Il nous semble donc qu’on peut, sans témérité, résumer ainsi la pensée du Docteur Angélique :

Dépouillée de l’existence concrète et individuelle, une chose peut posséder deux modes d’existence :

L’existence en notre esprit, à l’état d’essence conçue ou de quiddité ; c’est une existence accidentelle, qui a commencement et fin.

L’existence en l’Intelligence divine, à l’état d’idée ; cette dernière existence est incréée et éternelle.

Mais gardons-nous d’aller plus loin ; gardons-nous de rendre trop étroit le rapprochement, que nous venons de faire ; n’allons point, par exemple, énoncer la proposition suivante : L’idée d’une créature, c’est l’essence de cette créature éternellement connue par l’intelligence divine. Thomas d’Aquin qui, pour exposer sa théorie des idées, n’a pas une seule fois prononcé les mots : essence d’une créature, les prononcerait pour nous avertir que nous errons. « L’essence des choses créées, dirait-il[1], étant séparée de Dieu, ne peut être le moyen par lequel Dieu connaît les choses ; mais il les connaît d’une manière plus noble, par sa propre essence. »

Toute chose créée est faite à la ressemblance de Dieu ; c’est de cette proposition que se tire toute la théorie des idées dont nous venons de retracer les traits principaux. Or toute ressemblance est une relation entre deux termes ; on peut considérer successivement, en chacun des deux termes, ce par quoi il ressemble à l’autre terme.

Si l’on considère, en l’essence divine, sa ressemblance avec une chose créée, si on la regarde comme le modèle de cette chose créée, ce qu’on découvre, c’est l’idée éternelle et incréée de cette chose.

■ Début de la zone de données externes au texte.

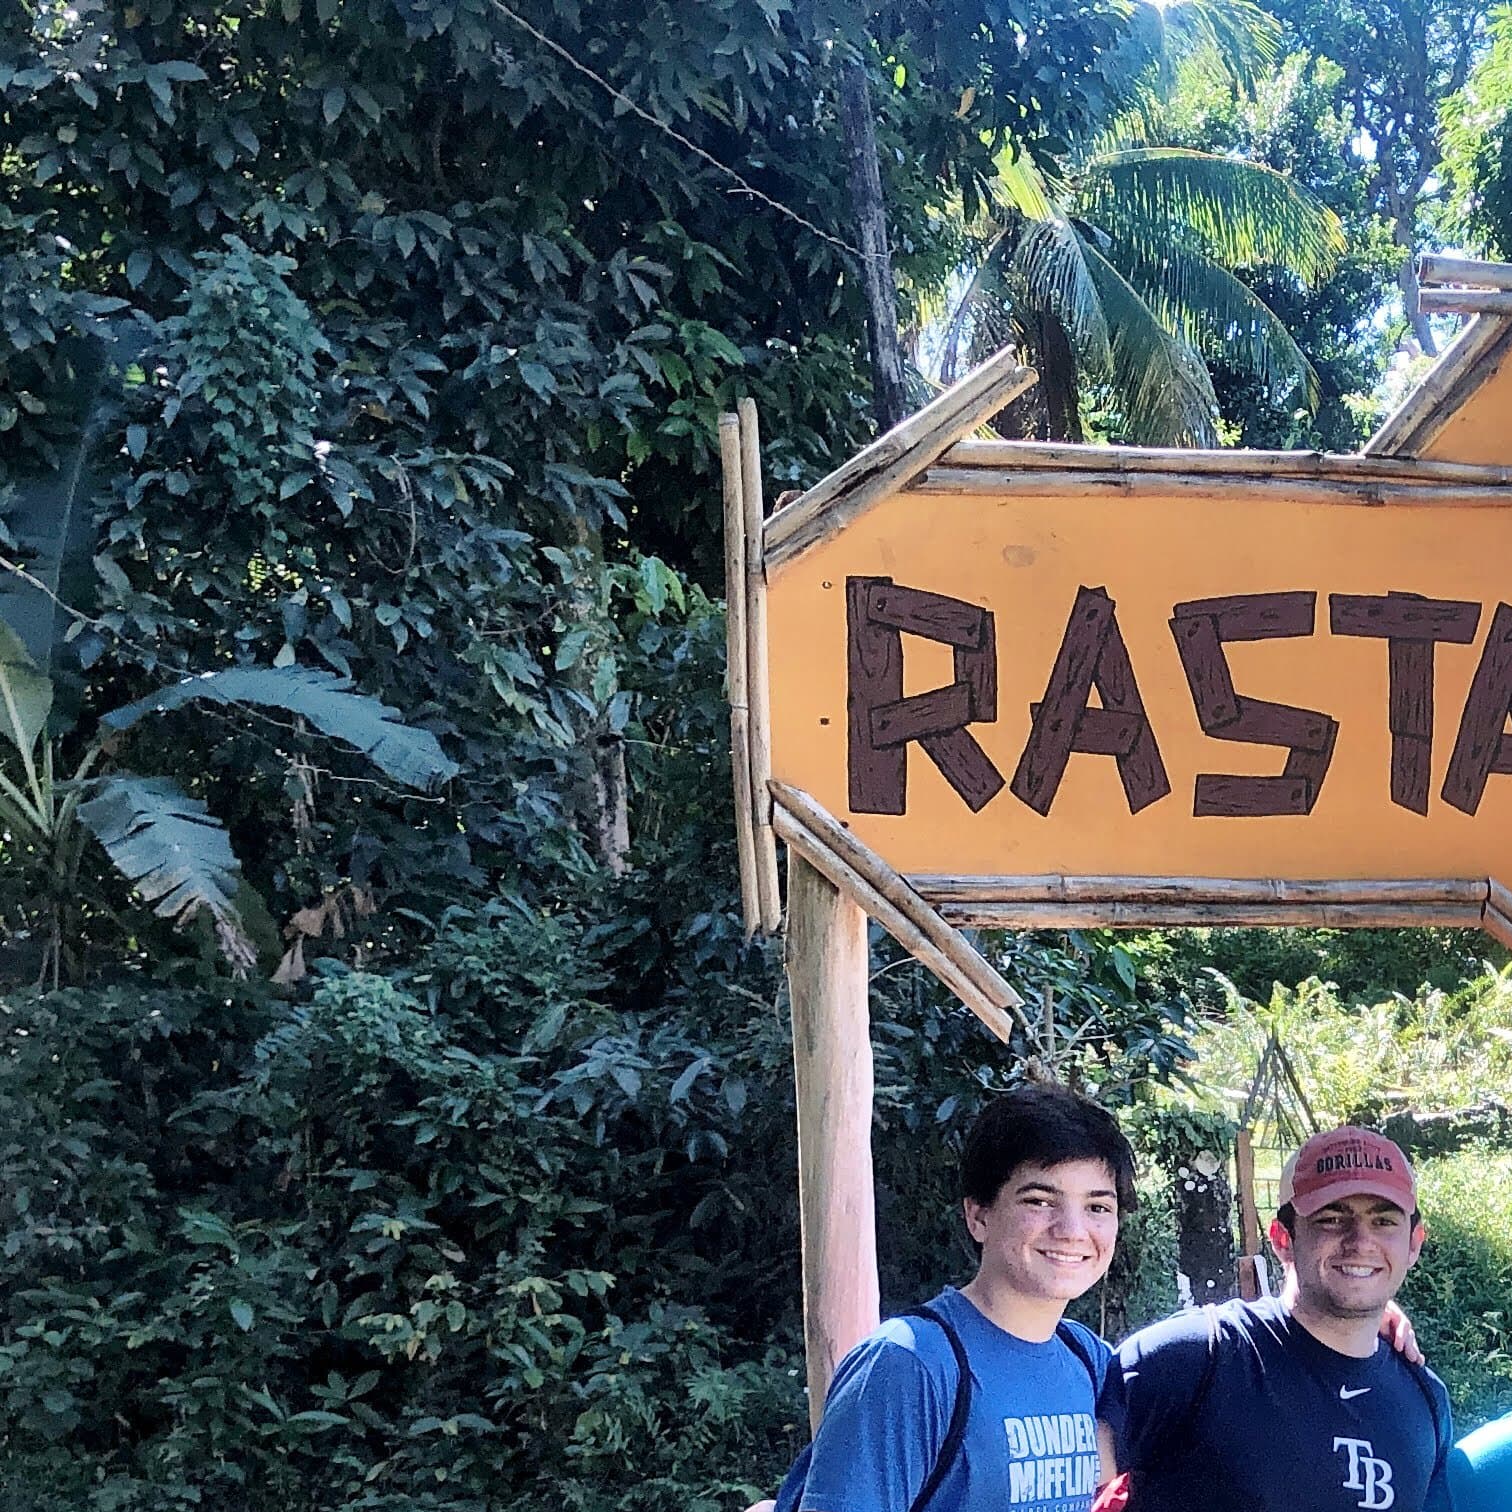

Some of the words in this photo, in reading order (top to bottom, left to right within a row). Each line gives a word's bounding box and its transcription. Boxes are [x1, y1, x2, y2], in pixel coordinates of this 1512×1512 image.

[1316, 1153, 1393, 1174] GORILLAS
[1004, 1413, 1098, 1459] DUNDER
[1009, 1455, 1096, 1504] MIFFLIN
[1332, 1436, 1395, 1510] TB
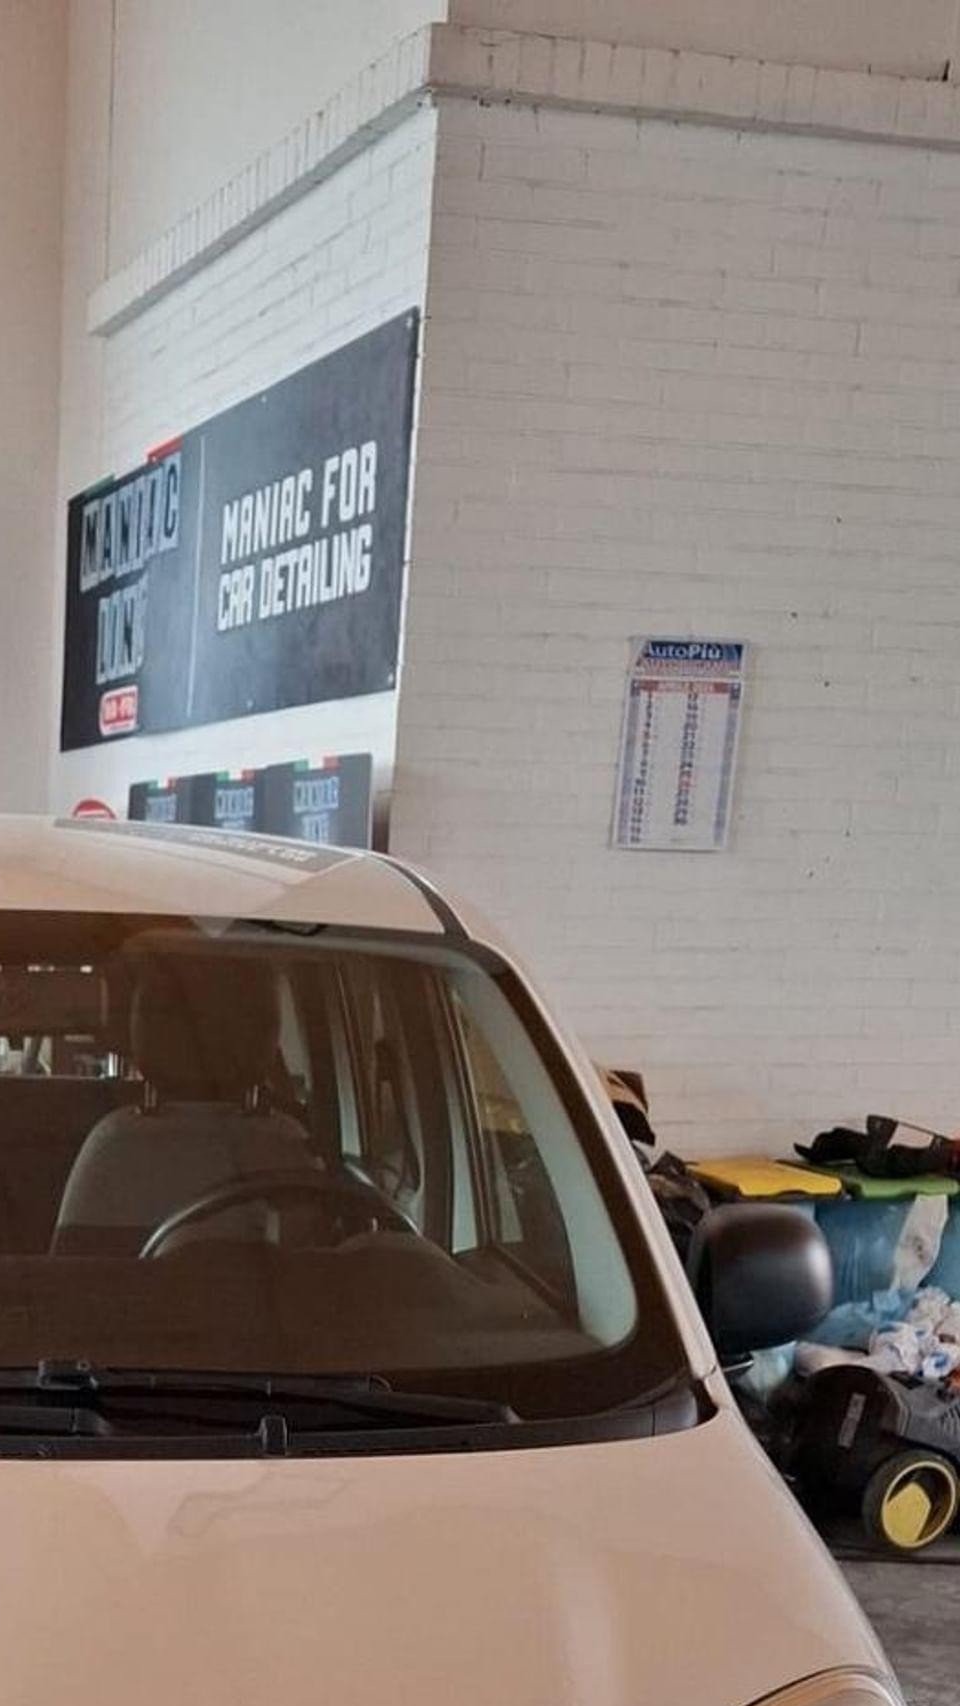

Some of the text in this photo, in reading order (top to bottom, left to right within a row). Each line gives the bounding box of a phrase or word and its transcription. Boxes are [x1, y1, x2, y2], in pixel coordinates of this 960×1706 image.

[221, 440, 377, 565] MANIAC FOR
[218, 524, 372, 631] CAR DETAILING
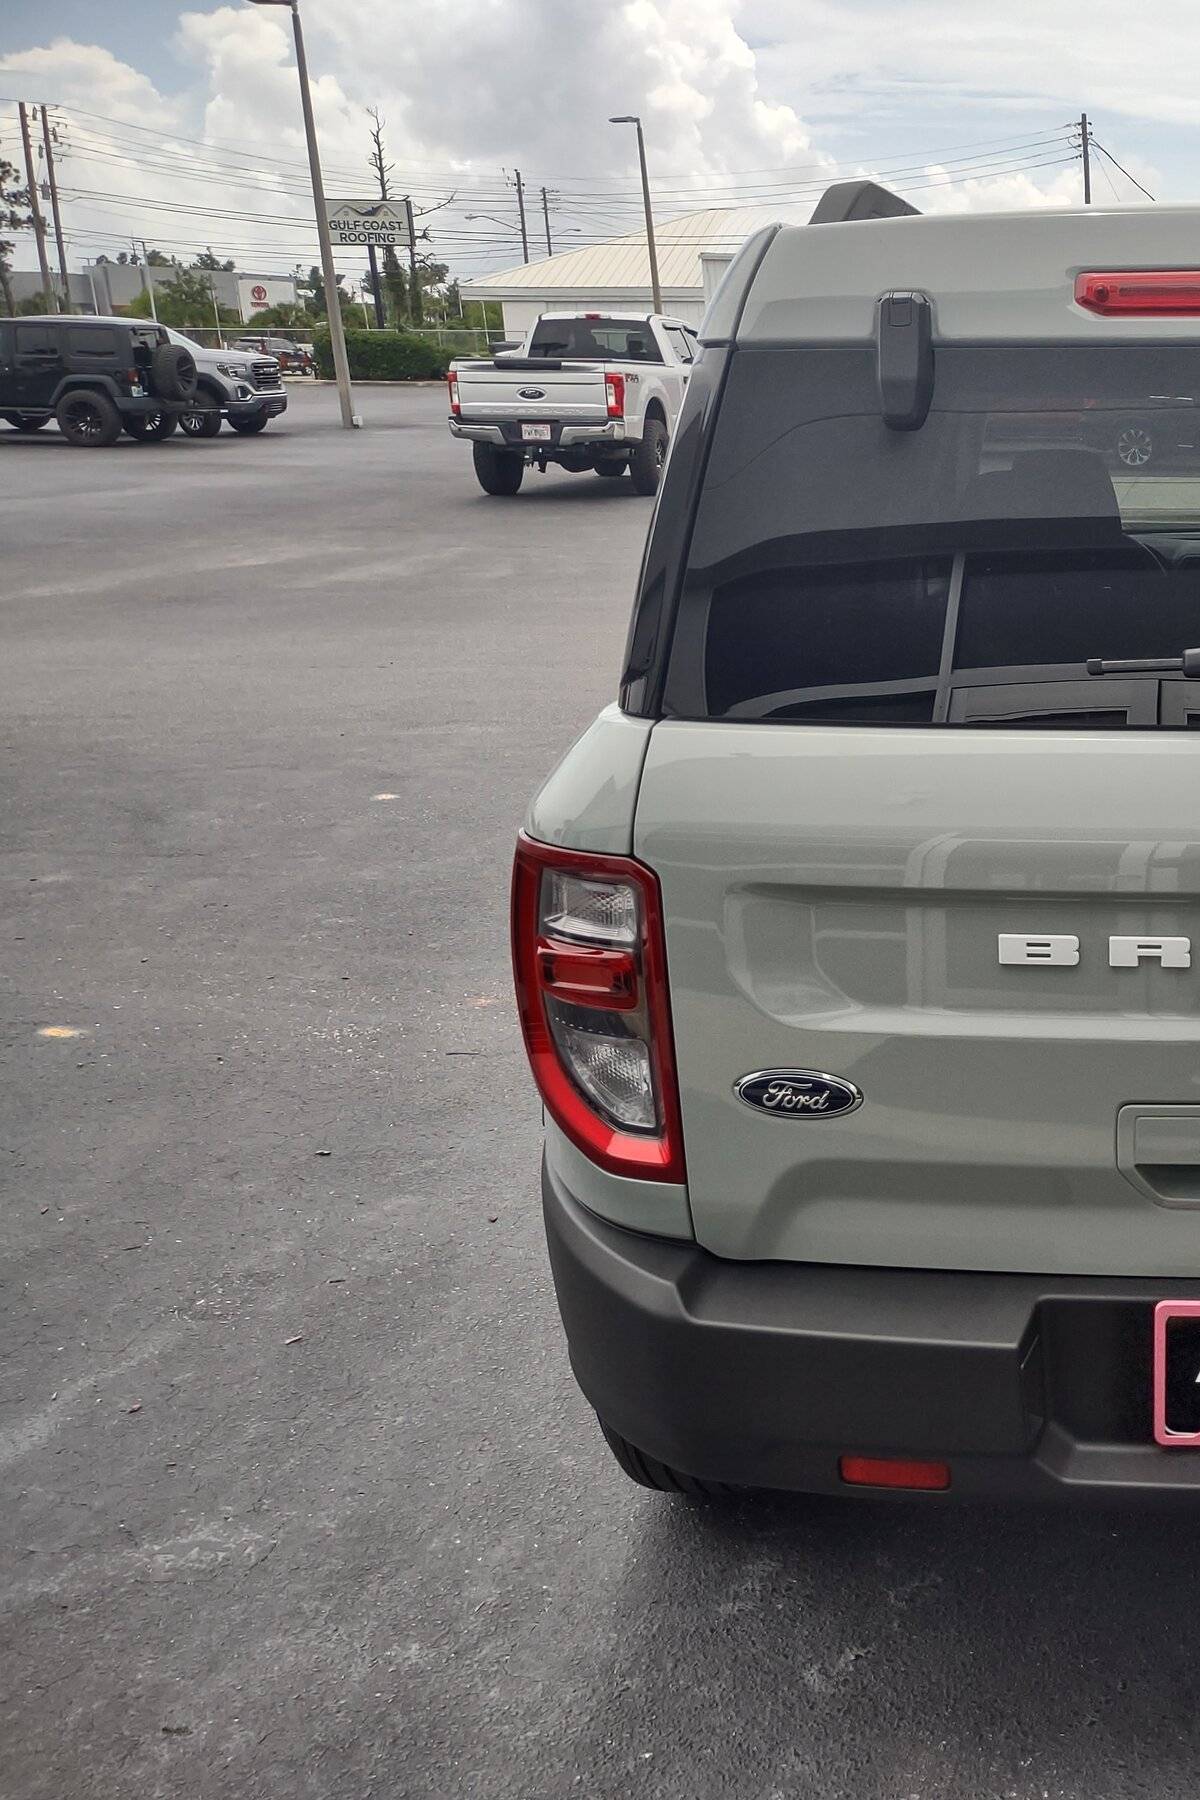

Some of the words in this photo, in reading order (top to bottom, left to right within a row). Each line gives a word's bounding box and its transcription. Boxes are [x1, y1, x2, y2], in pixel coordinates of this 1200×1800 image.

Si, au contraire, dans la chose créée, on considère sa ressemblance avec l’essence de Dieu, si on la regarde comme une image de cette essence, que découvrira-t-on ? Ce qu’on découvrira doit être créé et périssable, puisque résidant en une chose créée et périssable. De ces caractères créés, périssables, par lesquels la créature imite l’essence divine, le premier, le plus commun sera l’existence concrète et individuelle ; ainsi observée dans la créature, la création ne sera pas autre chose qu’une certaine ressemblance de cette créature avec Dieu.

  1. Sancti Thomæ Aquinatis Scriptum in primum librum Sententiarum, Dist. XXXVI, quæst. II, art. I : Quid nomine ideæ importetur.